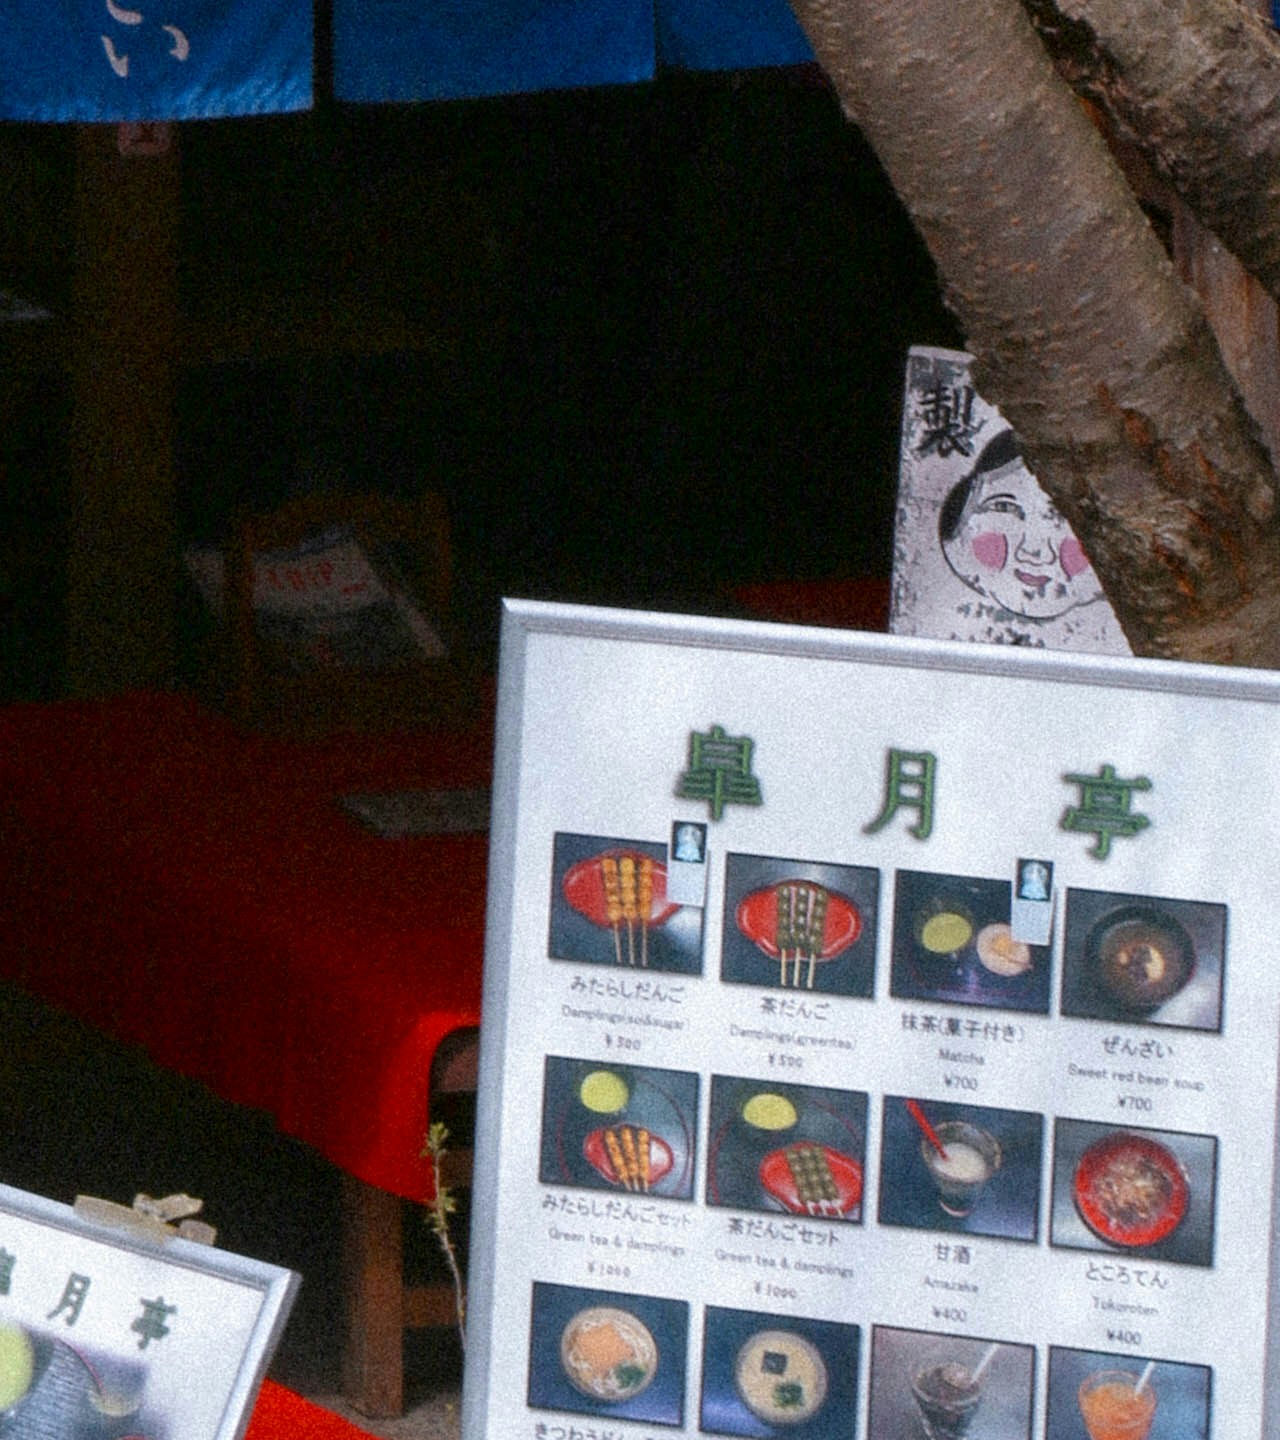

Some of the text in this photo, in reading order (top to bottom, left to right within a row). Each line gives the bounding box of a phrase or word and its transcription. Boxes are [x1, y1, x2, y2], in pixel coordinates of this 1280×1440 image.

[570, 975, 685, 1003] みたらしだんご
[761, 996, 830, 1020] 茶だんご
[938, 1048, 985, 1066] Matcha
[1103, 1034, 1173, 1059] ぜんざい
[944, 1074, 978, 1090] ¥700
[1068, 1064, 1106, 1080] Sweet
[1111, 1069, 1134, 1083] red
[1138, 1072, 1169, 1087] bean
[1118, 1095, 1152, 1112] ¥700
[548, 1227, 586, 1244] Green
[589, 1233, 610, 1247] tea
[728, 1216, 840, 1248] 茶だんごセット
[714, 1248, 753, 1265] Green
[755, 1254, 776, 1270] tea
[934, 1243, 971, 1266] 甘酒
[1086, 1262, 1168, 1290] ところてん
[1106, 1328, 1142, 1345] ¥400
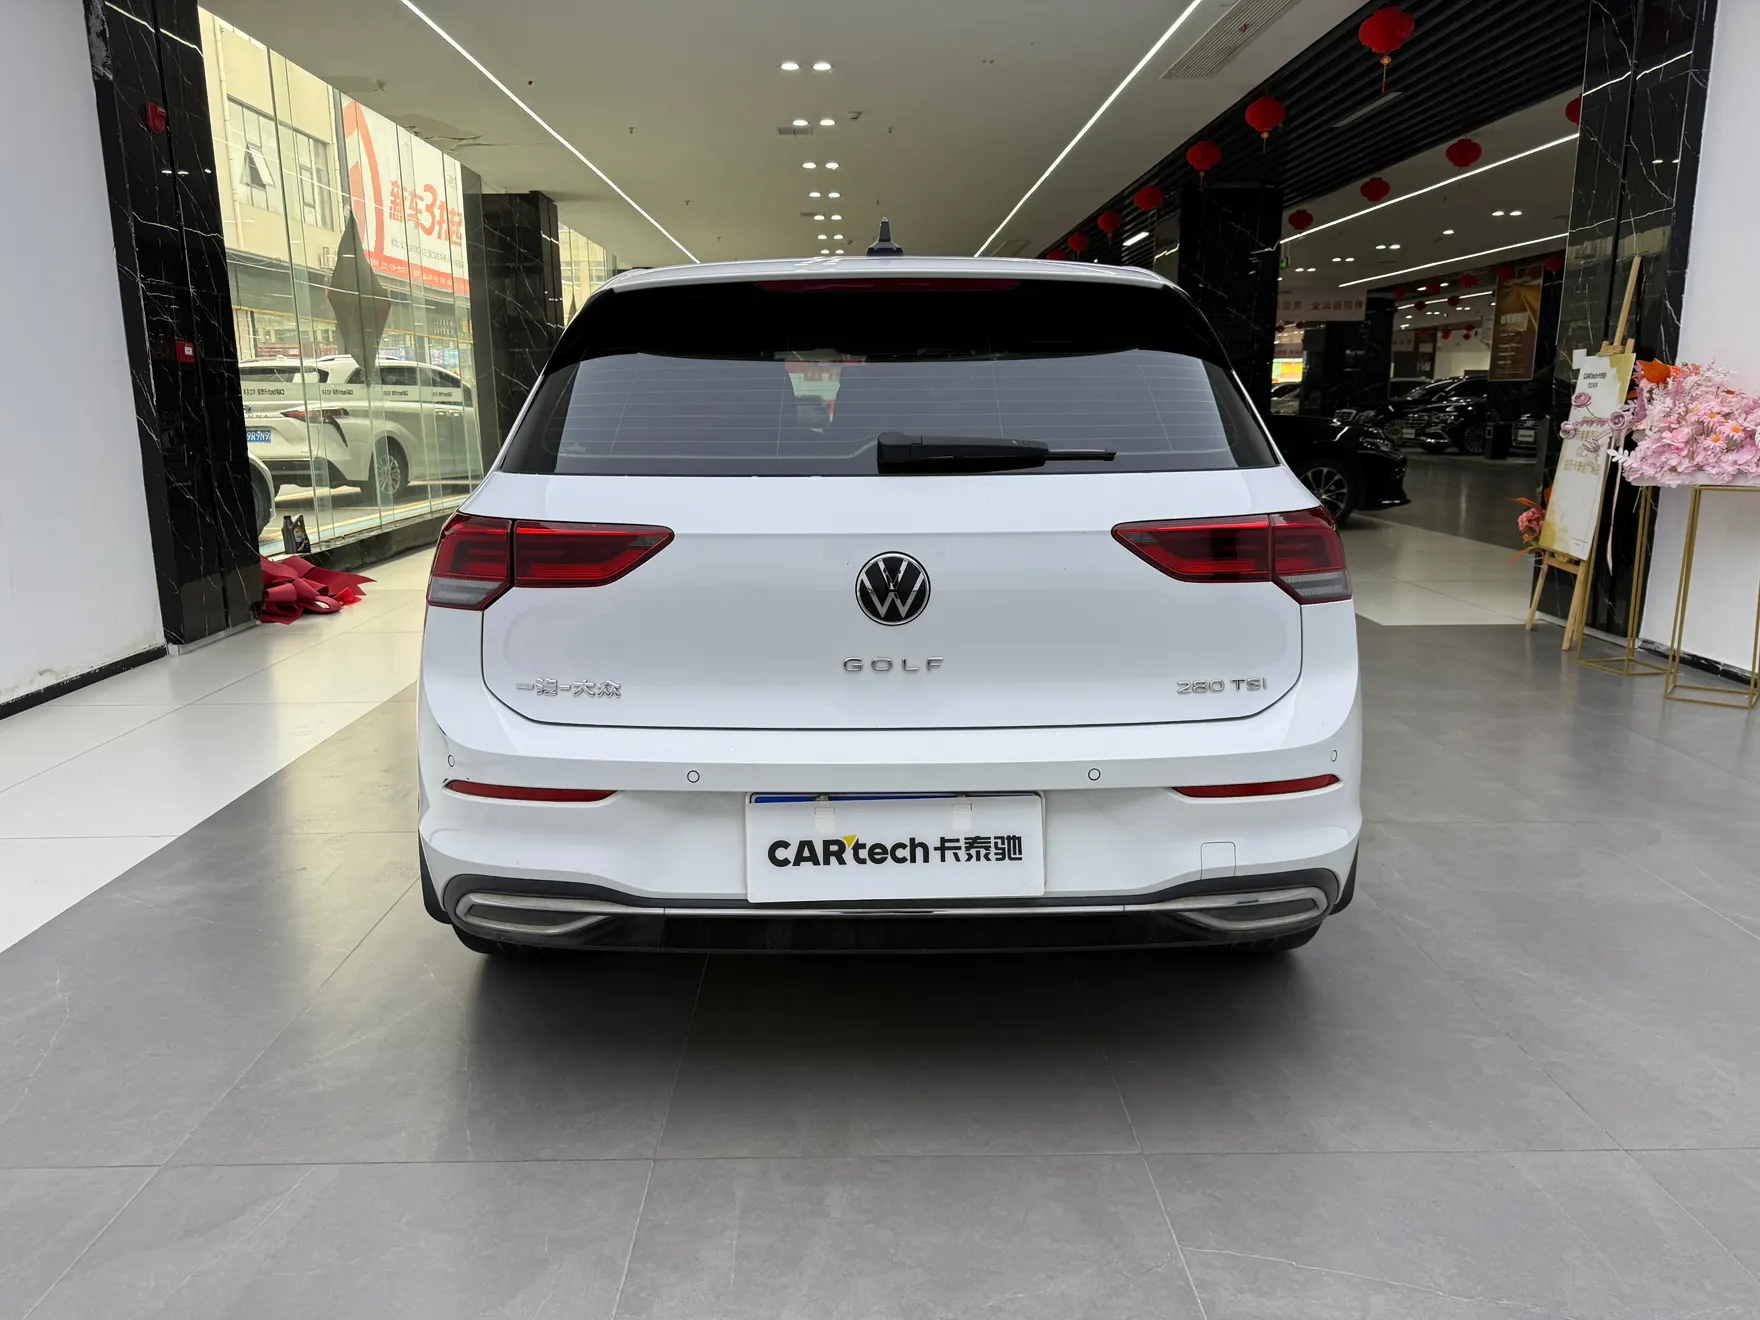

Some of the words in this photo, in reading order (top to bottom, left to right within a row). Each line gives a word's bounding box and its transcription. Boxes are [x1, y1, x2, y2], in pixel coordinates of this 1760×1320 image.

[842, 657, 944, 672] GOLF
[1176, 680, 1225, 695] 280
[1230, 677, 1268, 692] TSI

────────────────────────────────────────

(WHAT YOU SHOULD DO):
Your answer must be the line holding "Some of the words" plus every later line to the end of the records, copied exactly.

(RESULT):
Some of the words in this photo, in reading order (top to bottom, left to right within a row). Each line gives a word's bounding box and its transcription. Boxes are [x1, y1, x2, y2], in pixel coordinates of this 1760×1320 image.

[842, 657, 944, 672] GOLF
[1176, 680, 1225, 695] 280
[1230, 677, 1268, 692] TSI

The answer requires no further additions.